In the last half century, questions like these have drawn serious academic reflection, resulting in a new field of research—fashion studies—and generating a rich multidisciplinary discussion. Yet theology's voice has been conspicuously absent in this conversation. The time has finally come for theology to break her silence and join this decades-long conversation.

Fashion Theology is the first of its kind: a serious and long-overdue account of the dynamic relationship between theology and fashion. Chronicling the epic journey from ancient Christian sources to current developments in fashion studies, cultural theologian Robert Covolo navigates the rich history of Christian thought as well as recent political, social, aesthetic, literary, and performance theory. Far from mere disparity or quick resolution, Covolo demonstrates that fashion and theology inhabit a mutual terrain that has, until recently, scarcely been imagined.

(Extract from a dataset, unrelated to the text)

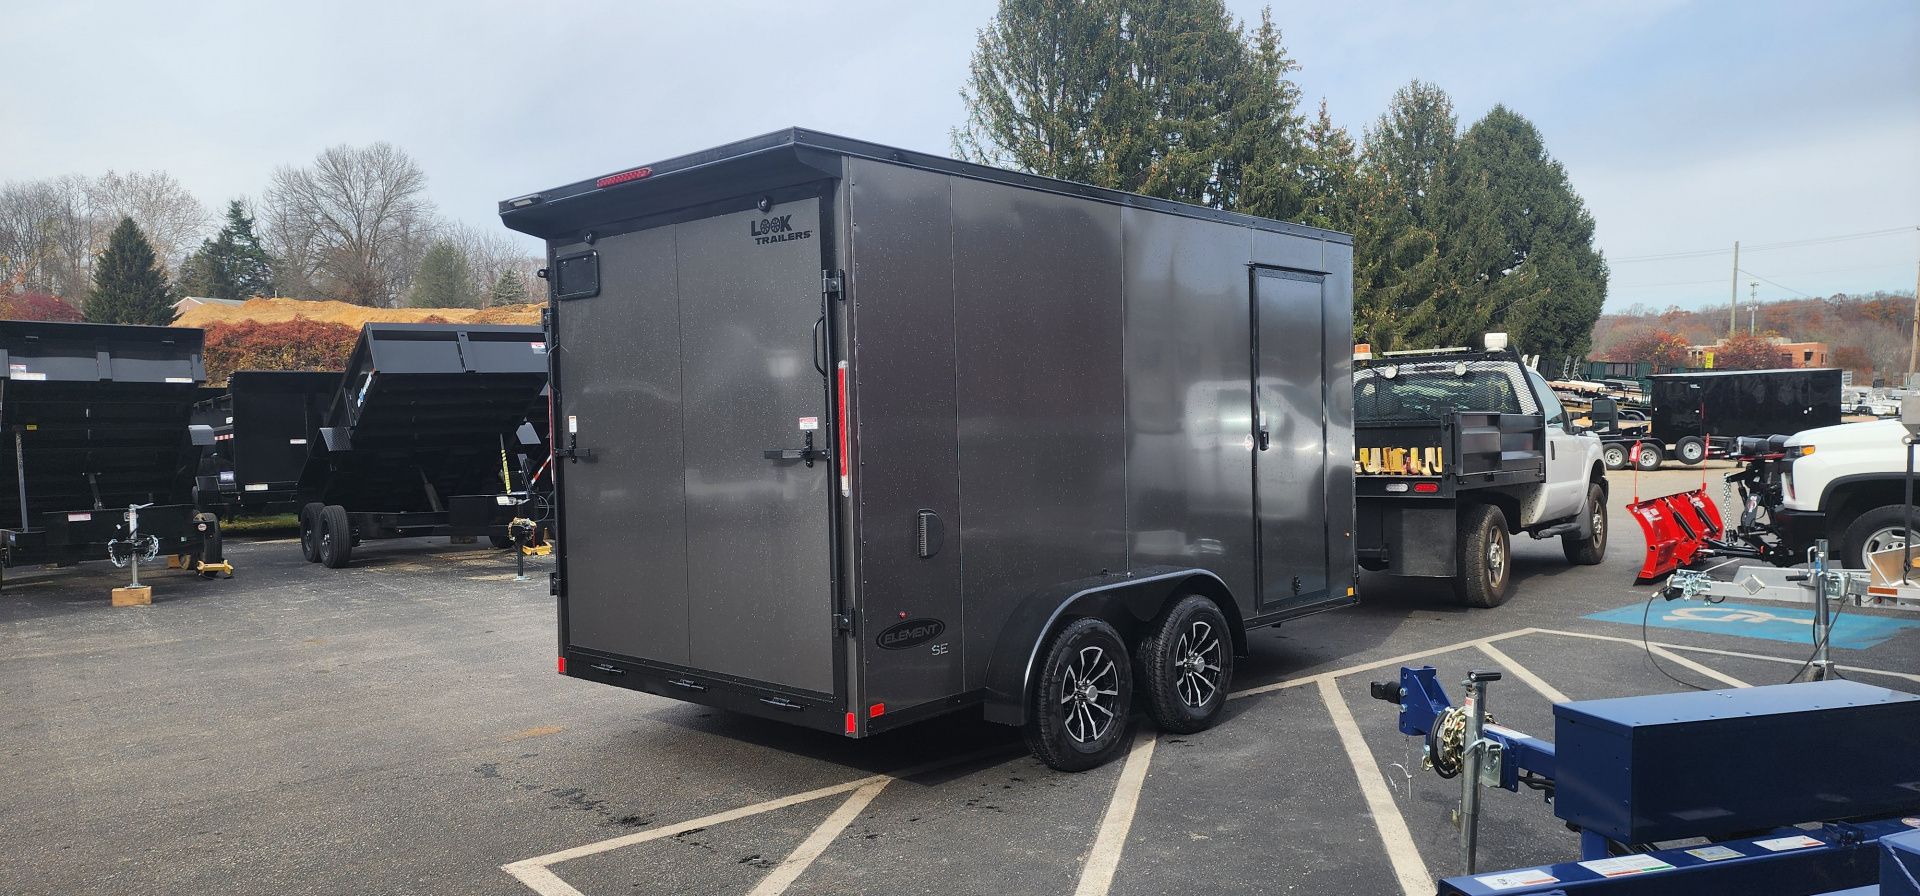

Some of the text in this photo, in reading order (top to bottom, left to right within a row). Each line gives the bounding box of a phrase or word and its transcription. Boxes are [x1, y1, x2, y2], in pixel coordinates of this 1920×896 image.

Covolo retraces the way theologians have taken up fashion across history, unveiling how Christian thinkers have been fascinated with fashion well before the academy's current focus, and bringing these insights into the conversation with fashion itself: the logic by which fashion operates, how fashion shapes our world, and the way fashion imperceptibly molds our personal lives. Within fashion's realms reside some of life's greatest challenges: the foundations of political power, the basis for social order, the nature of aesthetics, how we inhabit time, and the means by which we tell stories about our lives—challenges, it turns out, that theologians also explore.

Fashion favors the bold; theology demands humility. Holding the two together, Fashion Theology trailblazes an interdisciplinary path informed by a thoughtful engagement with the Christian witness. For those traversing this spectacle of unexpected crossroads and hotly contested terrain, the promise of fashion theology awaits with its myriad unexplored vistas.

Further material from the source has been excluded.